__Action item__
Transcribe the entries below exactly; leave every image out.

__Excerpted records__
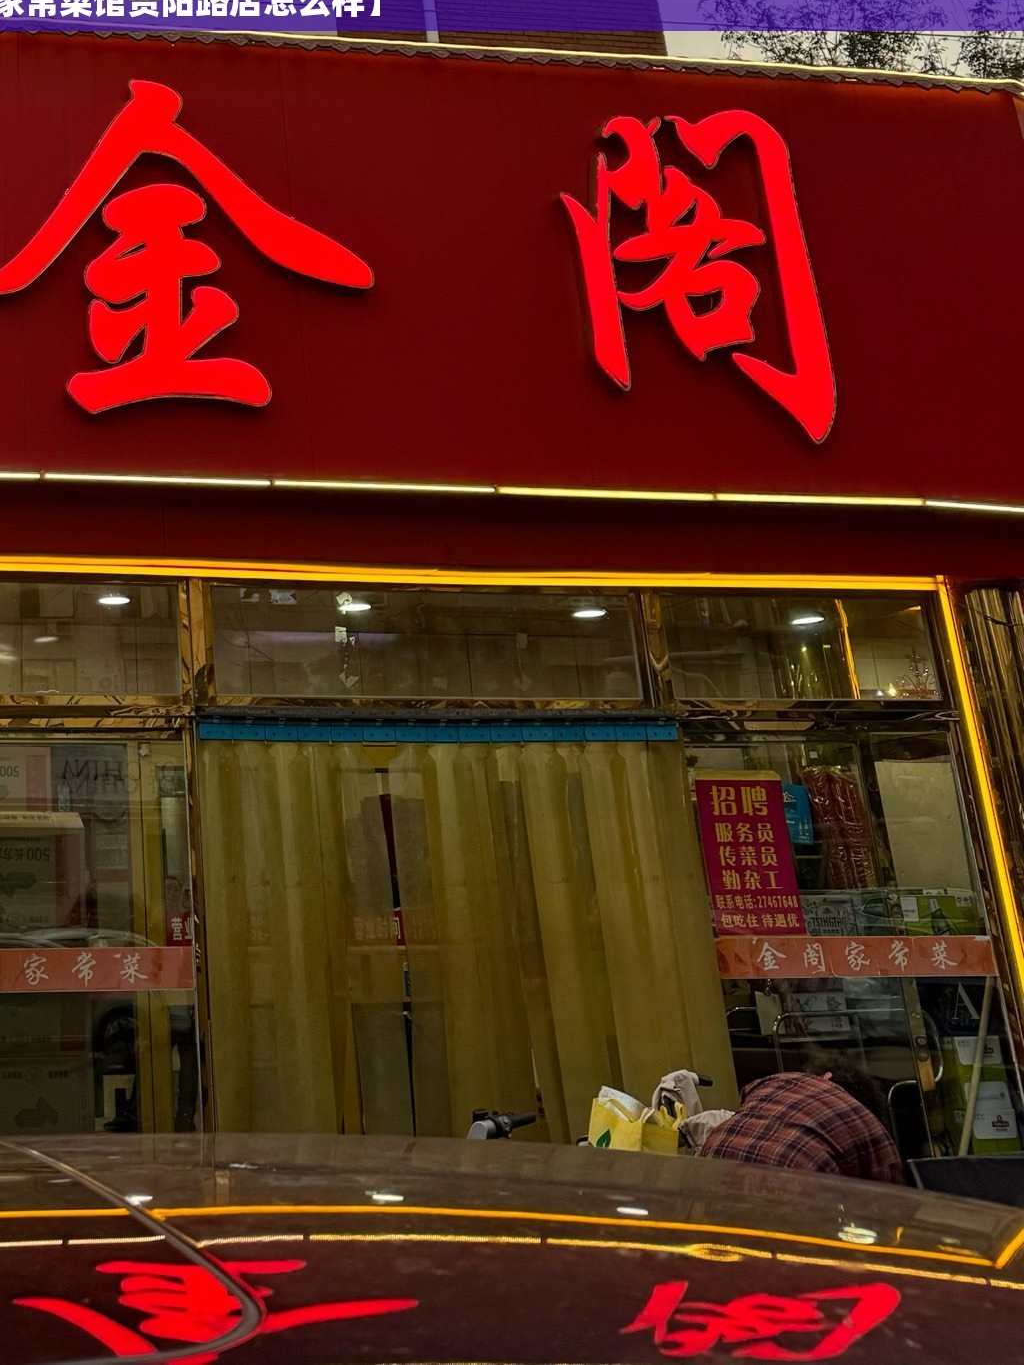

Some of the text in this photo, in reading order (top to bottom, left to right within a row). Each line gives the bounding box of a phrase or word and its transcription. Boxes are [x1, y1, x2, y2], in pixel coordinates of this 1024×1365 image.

[709, 785, 769, 816] 招聘
[714, 822, 775, 843] 服务员
[718, 845, 778, 867] 传菜员
[721, 869, 783, 891] 勤杂工
[720, 913, 800, 928] 包吃住 待遇优
[756, 938, 958, 975] 金阁家常菜
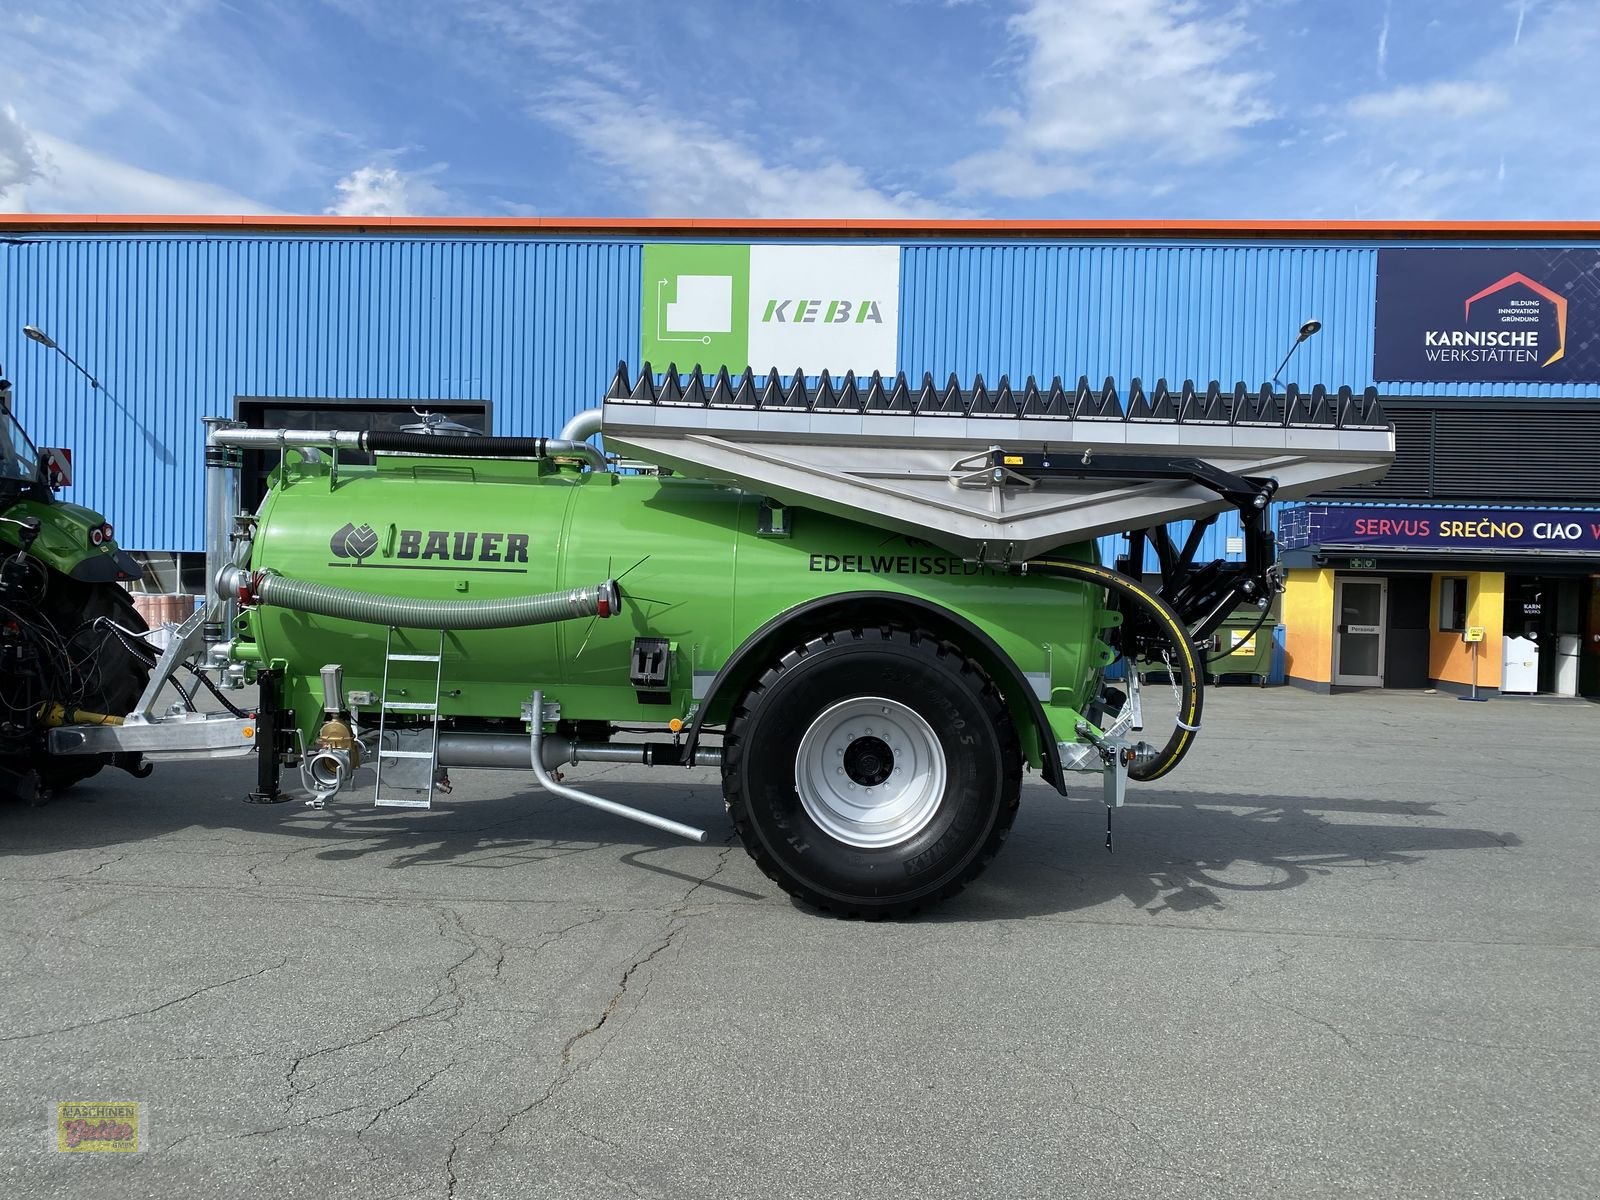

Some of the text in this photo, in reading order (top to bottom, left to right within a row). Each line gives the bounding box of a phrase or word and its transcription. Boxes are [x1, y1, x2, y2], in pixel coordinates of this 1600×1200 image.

[762, 299, 883, 324] KEBA
[1425, 331, 1538, 346] KARNISCHE
[1425, 348, 1538, 362] WERKSTÄTTEN
[1354, 519, 1430, 536] SERVUS
[1439, 518, 1524, 538] SREČNO
[1533, 523, 1582, 540] CIAO
[397, 530, 529, 562] BAUER

__Solution to this task__
Some of the text in this photo, in reading order (top to bottom, left to right within a row). Each line gives the bounding box of a phrase or word and its transcription. Boxes are [x1, y1, x2, y2], in pixel coordinates of this 1024×1365 image.

[709, 785, 769, 816] 招聘
[714, 822, 775, 843] 服务员
[718, 845, 778, 867] 传菜员
[721, 869, 783, 891] 勤杂工
[720, 913, 800, 928] 包吃住 待遇优
[756, 938, 958, 975] 金阁家常菜

Some of the text in this photo, in reading order (top to bottom, left to right within a row). Each line gives the bounding box of a phrase or word and its transcription. Boxes are [x1, y1, x2, y2], in pixel coordinates of this 1600×1200 image.

[762, 299, 883, 324] KEBA
[1425, 331, 1538, 346] KARNISCHE
[1425, 348, 1538, 362] WERKSTÄTTEN
[1354, 519, 1430, 536] SERVUS
[1439, 518, 1524, 538] SREČNO
[1533, 523, 1582, 540] CIAO
[397, 530, 529, 562] BAUER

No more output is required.